UNIKIE-BENCH: Benchmarking Large Multimodal Models for Key Information Extraction in Visual Documents
Key Information Extraction (KIE) from real-world documents remains challenging due to substantial variations in layout structures, visual quality, and task-specific information requirements. Recent Large Multimodal Models (LMMs) have shown promising potential for performing end-to-end KIE directly from document images. To enable a comprehensive and systematic evaluation across realistic and diverse application scenarios, we introduce UNIKIE-BENCH, a unified benchmark designed to rigorously evaluate the KIE capabilities of LMMs. UNIKIE-BENCH consists of two complementary tracks: a constrained-category KIE track with scenario-predefined schemas that reflect practical application needs, and an open-category KIE track that extracts any key information that is explicitly present in the document. Experiments on 15 state-of-the-art LMMs reveal substantial performance degradation under diverse schema definitions, long-tail key fields, and complex layouts, along with pronounced performance disparities across different document types and scenarios. These findings underscore persistent challenges in grounding accuracy and layout-aware reasoning for LMM-based KIE. All codes and datasets are available at https://github.com/NEUIR/UNIKIE-BENCH.
💡 Research Summary
The paper introduces UNIKIE‑BENCH, a comprehensive benchmark designed to evaluate the key information extraction (KIE) capabilities of large multimodal models (LMMs) under realistic and diverse document scenarios. Existing KIE benchmarks are limited by narrow domain coverage, heterogeneous schemas, and reliance on OCR‑based pipelines, which hinder consistent end‑to‑end assessment of LMMs. UNIKIE‑BENCH addresses these gaps by offering two complementary tracks: a constrained‑category track with scenario‑specific predefined schemas, and an open‑category track that requires models to extract any explicitly present key information without prior schema knowledge.
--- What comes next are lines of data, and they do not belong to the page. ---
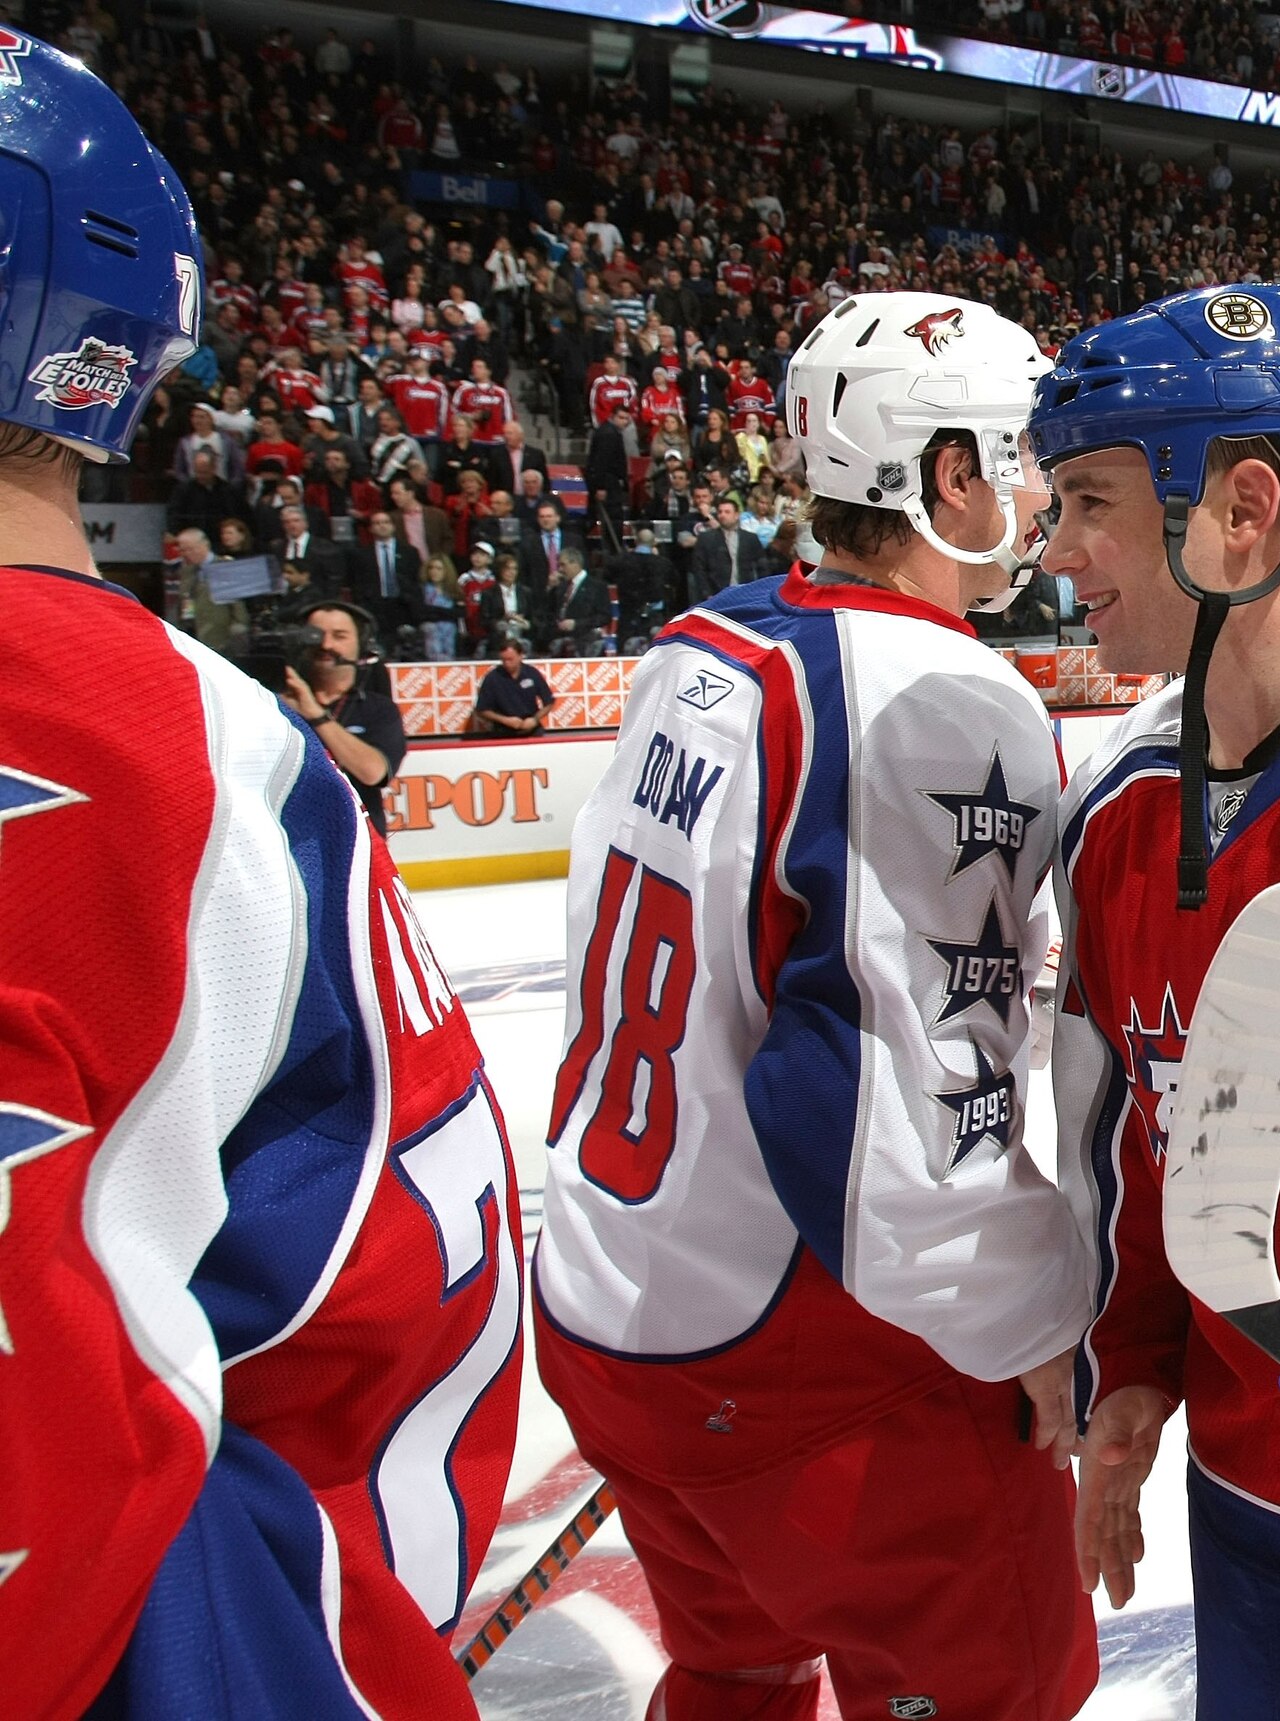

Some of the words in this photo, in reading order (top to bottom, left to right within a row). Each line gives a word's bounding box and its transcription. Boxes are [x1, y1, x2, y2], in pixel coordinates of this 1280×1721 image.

[442, 175, 487, 203] Bell
[947, 230, 981, 252] Bell
[1225, 302, 1253, 326] B
[65, 359, 111, 379] MATCH
[884, 469, 901, 486] NHL
[1059, 649, 1079, 669] HOME
[1064, 653, 1085, 676] DEPOT
[1087, 675, 1106, 697] HOME
[1092, 681, 1112, 704] DEPOT
[633, 730, 725, 843] DOAN
[960, 805, 1025, 849] 1969
[952, 955, 1017, 994] 1975
[545, 843, 697, 1206] 18
[961, 1087, 1012, 1136] 1993
In the constrained‑category track, documents are organized across three domains (business transactions, public services, regulated records) and eleven real‑world application scenarios, totaling 4,472 images with an average of 3–9 fields per document. The authors curate data from publicly available datasets, manually assign each document to a scenario, and map or re‑annotate the original labels to fit a unified schema‑guided structured prediction format. This track reflects practical extraction requirements where the schema is known in advance.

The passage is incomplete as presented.